Emmott: non siete credibili e Fazio deve dimettersi
L' «ECONOMIST»
Il direttore del settimanale britannico Economist, Bill Emmott: «Fazio deve
dimettersi, ha danneggiato una delle poche istituzioni rispettate. L' Italia
non è credibile, anche a sinistra». A pagina3

Emmott: non siete credibili. Anche a sinistra
Il direttore dell' «Economist»: Fazio lasci. In copertina maschera tricolore
alla Pulcinella
L' INTERVISTA
« Please go, Mr Fazio ». «Per favore, se ne vada mister Fazio». Non ricorre
alle metafore, l' Economist. Così come nel 2001 aveva giudicato Silvio Berlusconi
«inadatto a governare», oggi il settimanale britannico, specchio degli umori
della comunità finanziaria internazionale, chiede apertamente le dimissioni
di Antonio Fazio dalla guida della Banca d' Italia. Lo fa in un lungo commento
pubblicato sul numero in edicola da oggi, che accompagna un' inchiesta altrettanto
tagliente sulla battaglia per il controllo di Antonveneta (presentata con
l' immagine di una maschera di Pulcinella in tricolore). « Italy' s banking
scandal », è il titolo. A Fazio viene riconosciuto un ruolo centrale nello
scandalo, tanto che, se il governatore dovesse continuare a resistere, l'
Economist arriva a sollecitare un intervento del presidente Carlo Azeglio
Ciampi. «Il suo comportamento è assolutamente censurabile», spiega Bill Emmott,
il direttore. Perché ne chiedete le dimissioni? «Da un lato, riteniamo che
quello che ha fatto non sia giustificabile sotto il profilo etico - spiega
Emmott - . Dall' altro, ha provocato un danno grave alla reputazione della
Banca d' Italia. E non è una cosa da poco. Bankitalia rappresenta storicamente
una delle istituzioni più rispettate nel Paese e anche al di fuori, fra la
comunità internazionale.
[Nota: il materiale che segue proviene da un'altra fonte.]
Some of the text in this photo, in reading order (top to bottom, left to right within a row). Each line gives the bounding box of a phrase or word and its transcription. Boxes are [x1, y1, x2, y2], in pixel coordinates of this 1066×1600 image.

Un' autentica eccezione, visto che l' Italia non
allinea molte altre istituzioni che siano considerate con altrettanto rispetto.
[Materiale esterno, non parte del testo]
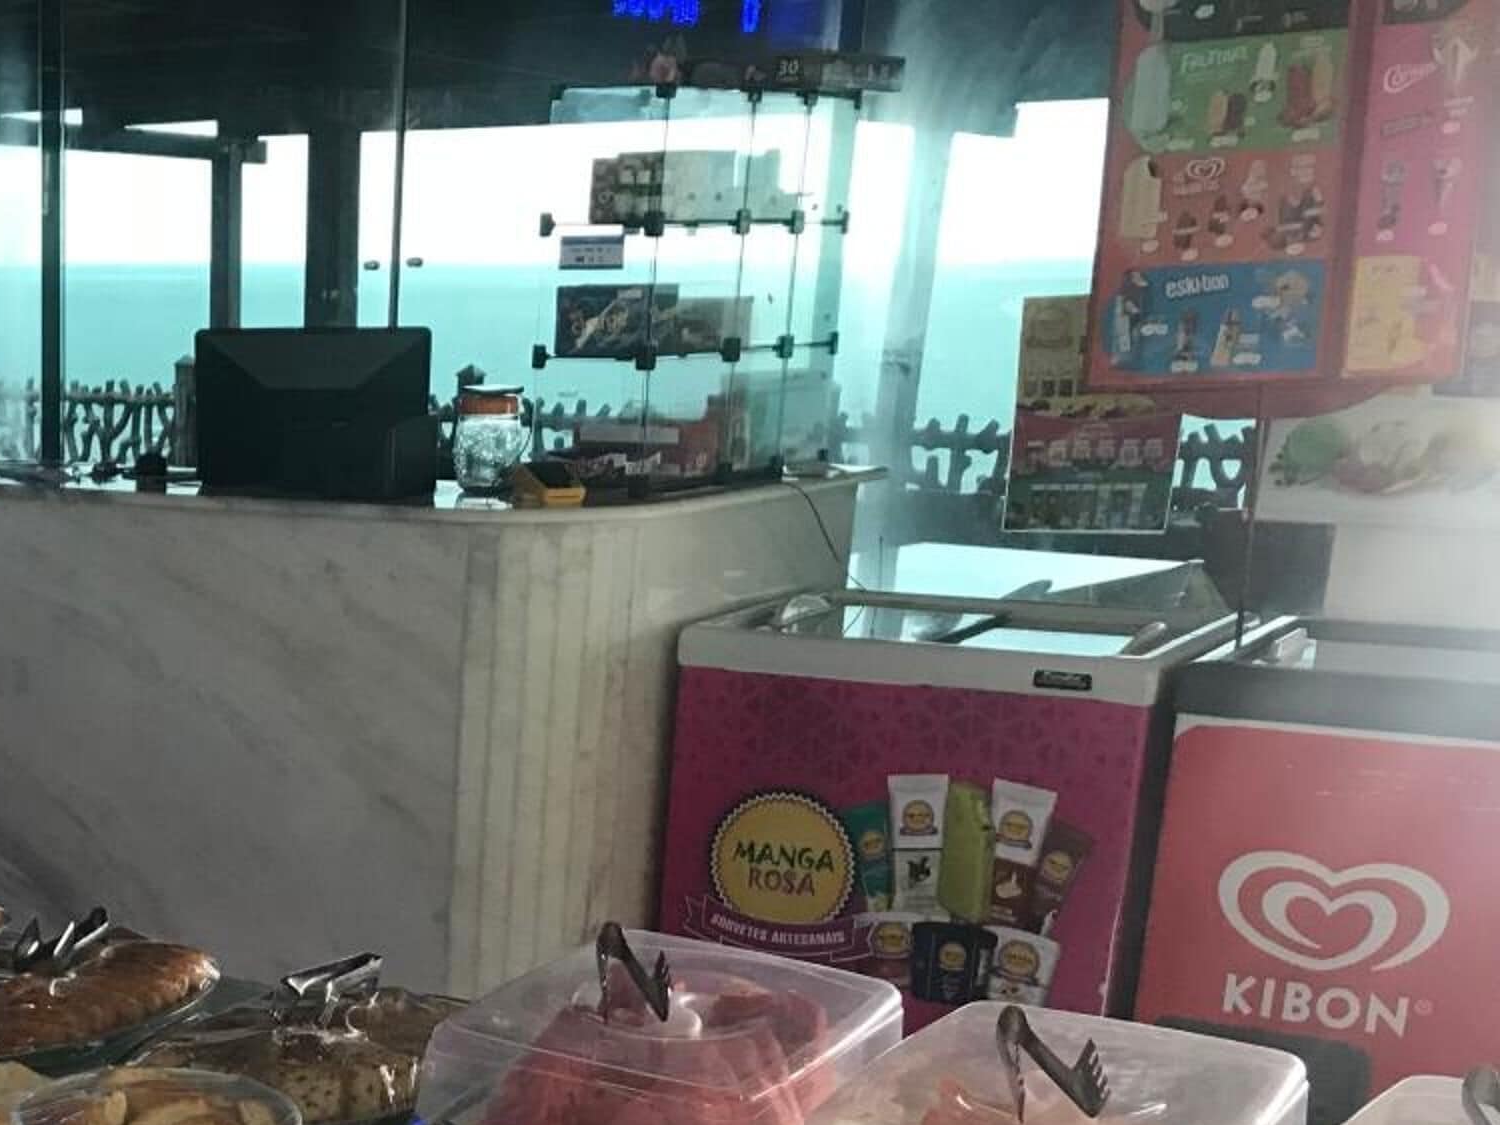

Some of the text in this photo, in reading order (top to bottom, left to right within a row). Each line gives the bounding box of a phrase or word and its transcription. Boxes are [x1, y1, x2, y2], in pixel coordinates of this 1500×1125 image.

[732, 840, 834, 872] MANGA
[748, 867, 816, 896] ROSA
[1222, 973, 1410, 1038] KIBON
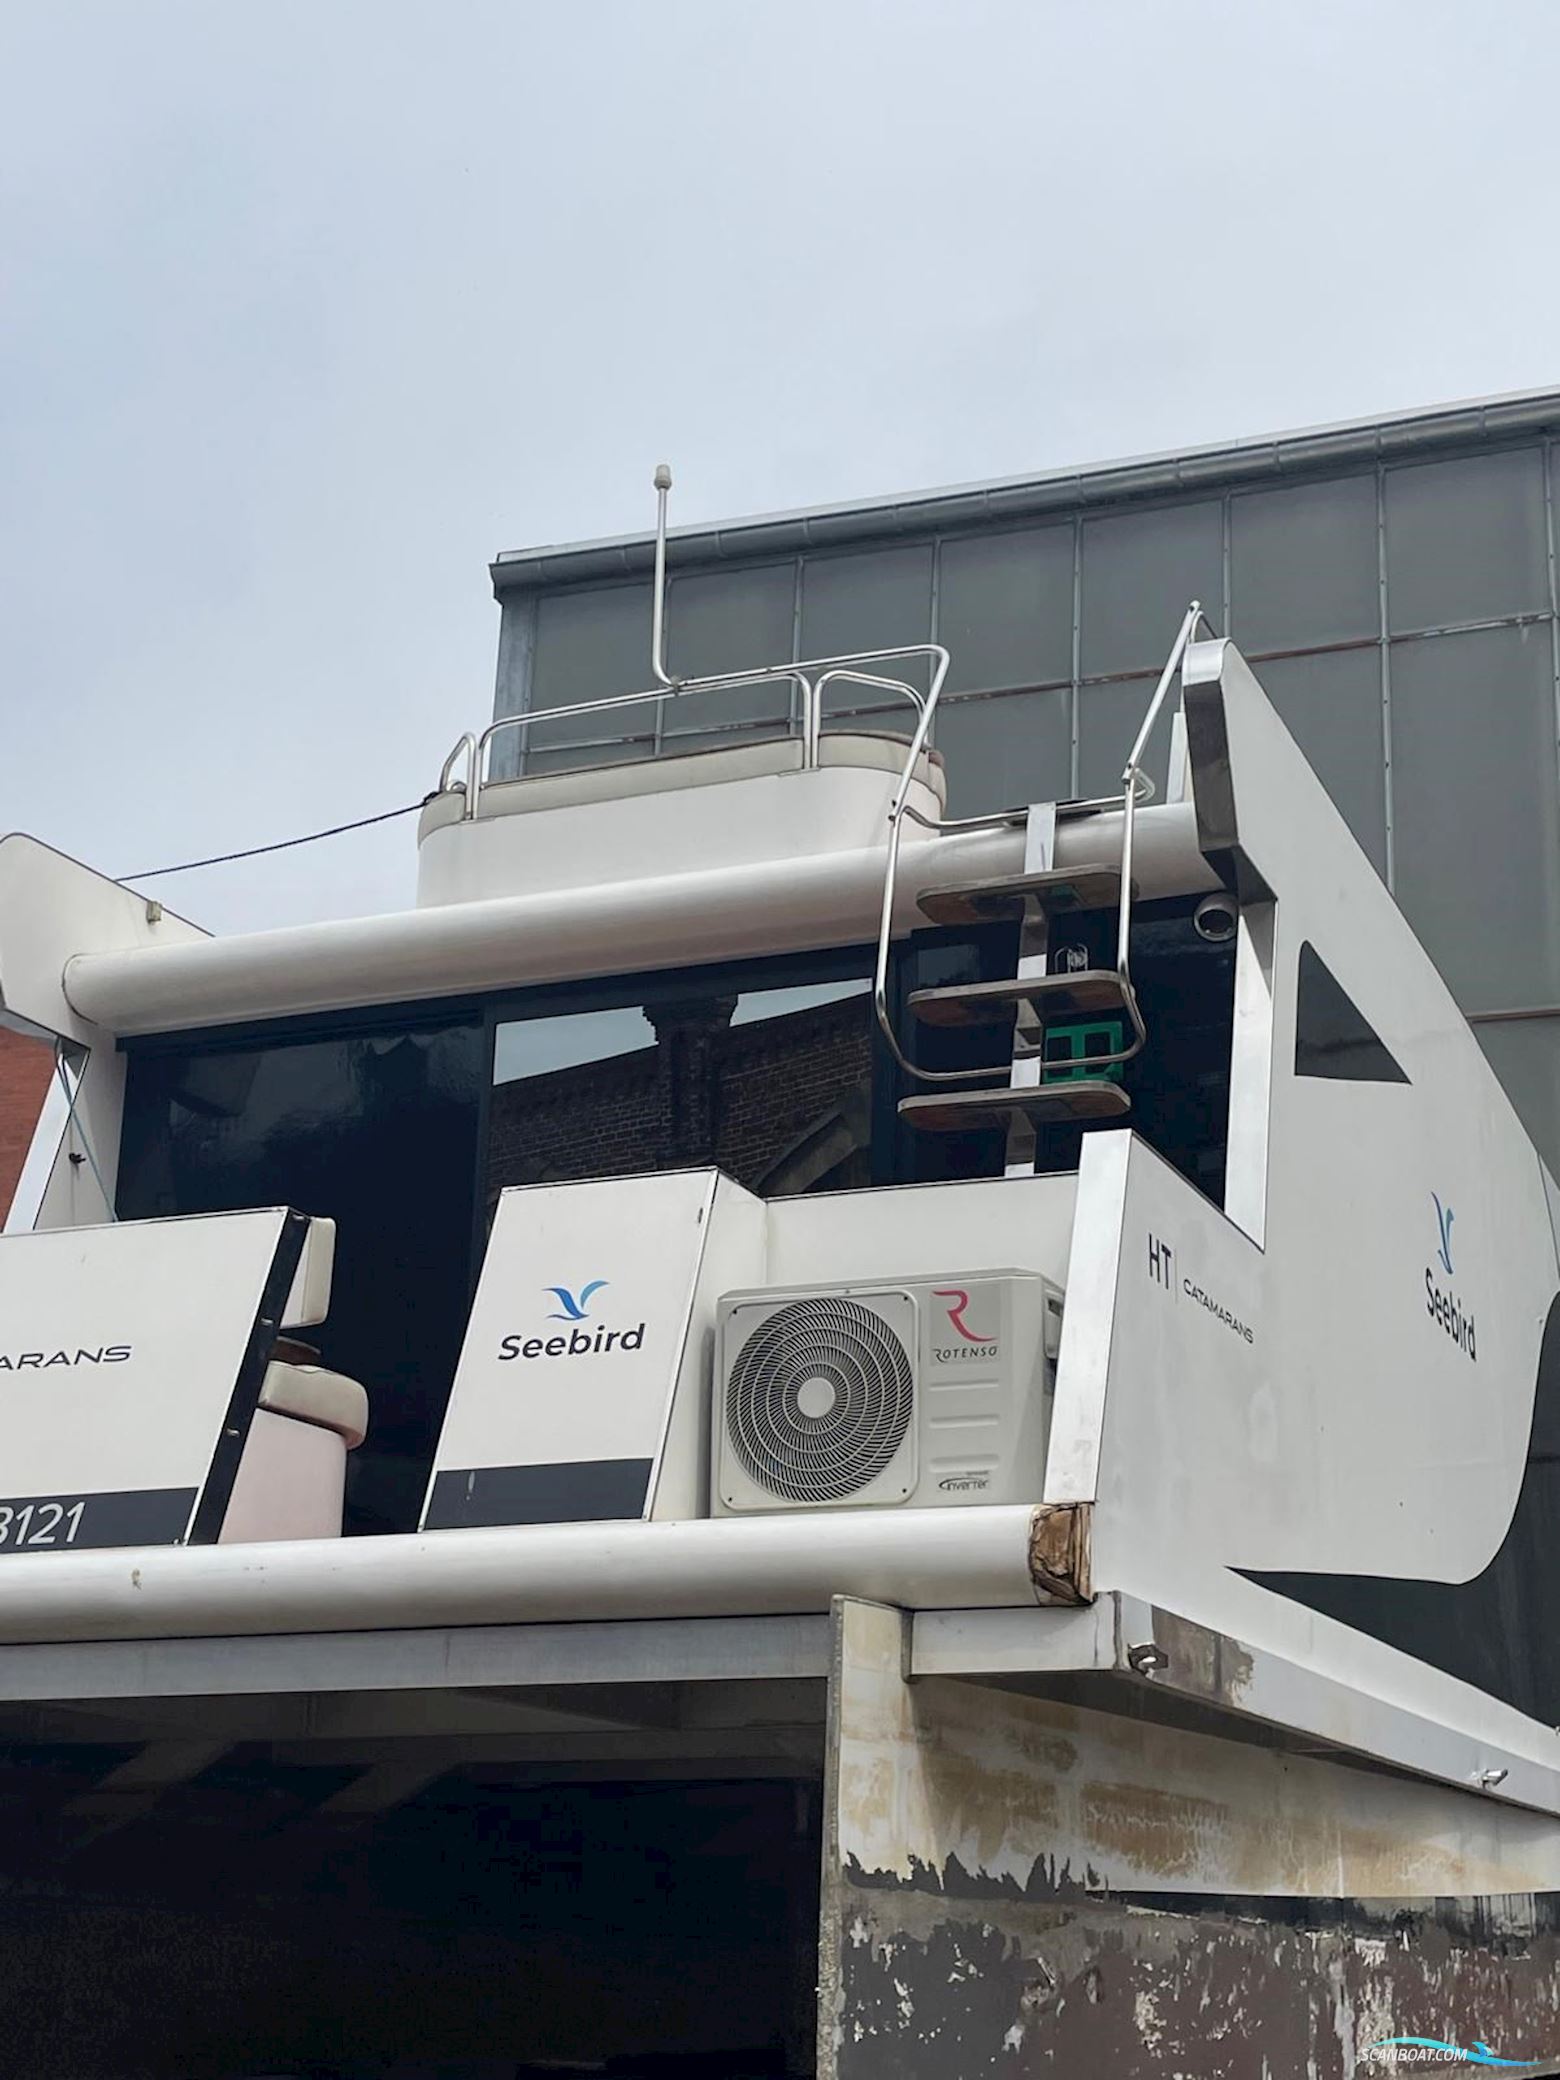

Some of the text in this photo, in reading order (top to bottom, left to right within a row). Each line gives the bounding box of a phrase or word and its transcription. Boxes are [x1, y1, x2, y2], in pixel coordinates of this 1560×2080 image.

[1149, 1233, 1254, 1344] HT CATAMARANS
[1426, 1267, 1476, 1361] Seebird
[498, 1323, 645, 1360] Seebird
[932, 1346, 998, 1363] ROTENSO
Per questo deve andarsene». Quanto grave viene giudicato nella comunità finanziaria
internazionale il «danno» causato alla reputazione di Bankitalia? «Direi
abbastanza. Sotto accusa non è tanto l' atteggiamento "nazionalista" mostrato
dal governatore nel proteggere Antonveneta dall' offerta di Abn Amro, favorendo
le manovre di Popolare di Lodi in concerto con personaggi come Ricucci. Tutto
questo non scandalizza certo i mercati finanziari. Anche altre banche centrali
si comportano esattamente allo stesso modo. Ma qui il problema è che siamo
di fronte a comportamenti potenzialmente illegali, ad appoggi dati a istituti
in odore di bancarotta». Si riferisce alla Popolare italiana, l' ex Lodi?
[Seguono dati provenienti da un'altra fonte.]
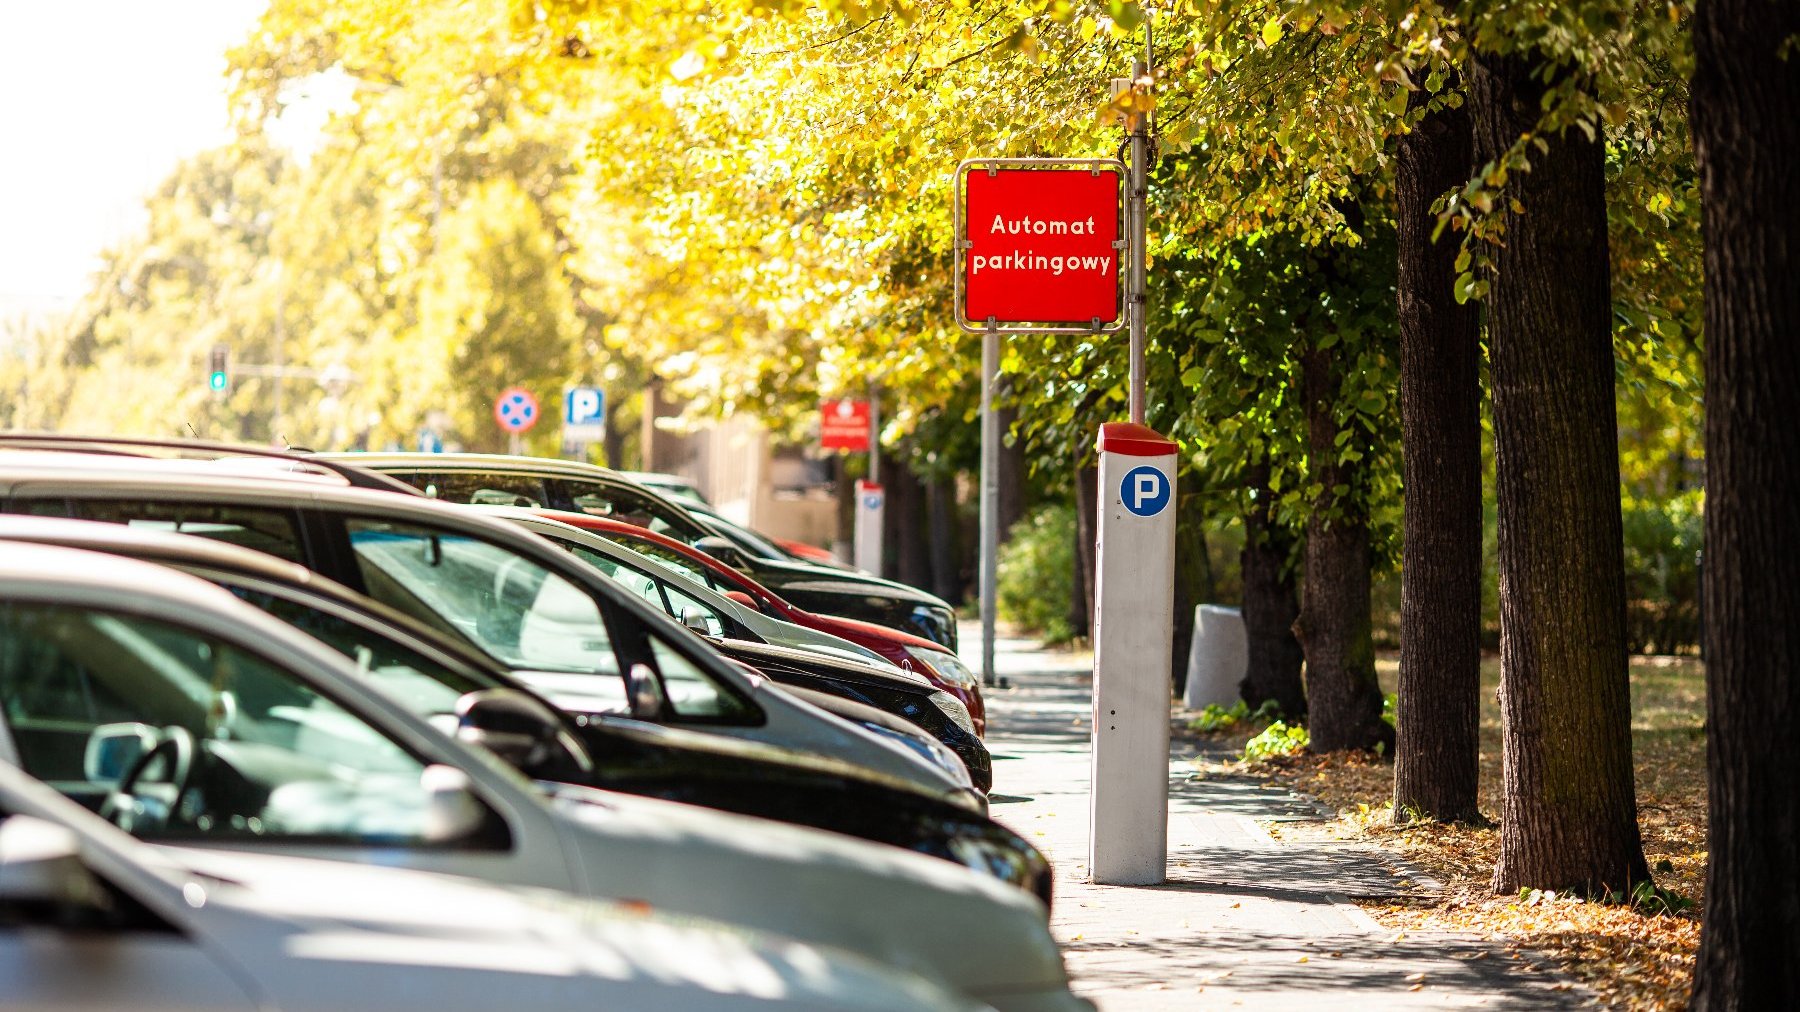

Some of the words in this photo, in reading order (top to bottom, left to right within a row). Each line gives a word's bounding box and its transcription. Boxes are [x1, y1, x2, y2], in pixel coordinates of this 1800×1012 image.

[990, 214, 1095, 235] Automat
[972, 250, 1111, 276] parkingowy
[573, 389, 599, 421] P
[1134, 474, 1160, 509] P
«Da quello che risulta nella nostra inchiesta, i conti della Lodi erano peggiori
di quanto dichiarato. In base agli attuali standard internazionali avrebbe
dovuto dichiarare bancarotta già a fine dell' anno scorso». Quello che sta
emergendo dagli affari Lodi-Antonveneta e Unipol-Bnl è l' intreccio fra politica,
partiti di destra come di sinistra, e il mondo degli affari. Un ritorno al
passato? «L' Economist è sempre stato critico verso il premier Silvio Berlusconi
per molte ragioni, fra cui soprattutto questa: la stretta relazione fra attività
di governo e affari. Berlusconi sostiene di rappresentare il futuro dell'
Italia, per noi rappresenta invece il passato. Il suo governo ha riportato
indietro il Paese, ha riproposto quei legami malsani fra politica e business.
Non sorprende che la sua figura appaia nella vicenda legata a personaggi
come Ricucci e compagnia». Nelle operazioni attorno ad Antonveneta come a
Bnl, emerge anche il ruolo di certe grandi banche straniere, da Deutsche
a Crédit Suisse. Come lo giudica? «E' anche questo uno dei punti centrali
della nostra inchiesta. Non arrivo a dire che abbiano violato la legge, ma
sicuramente hanno approfittato, ovviamente a proprio vantaggio, delle attività
di personaggi che si sono mossi alle soglie della legalità, se non oltre».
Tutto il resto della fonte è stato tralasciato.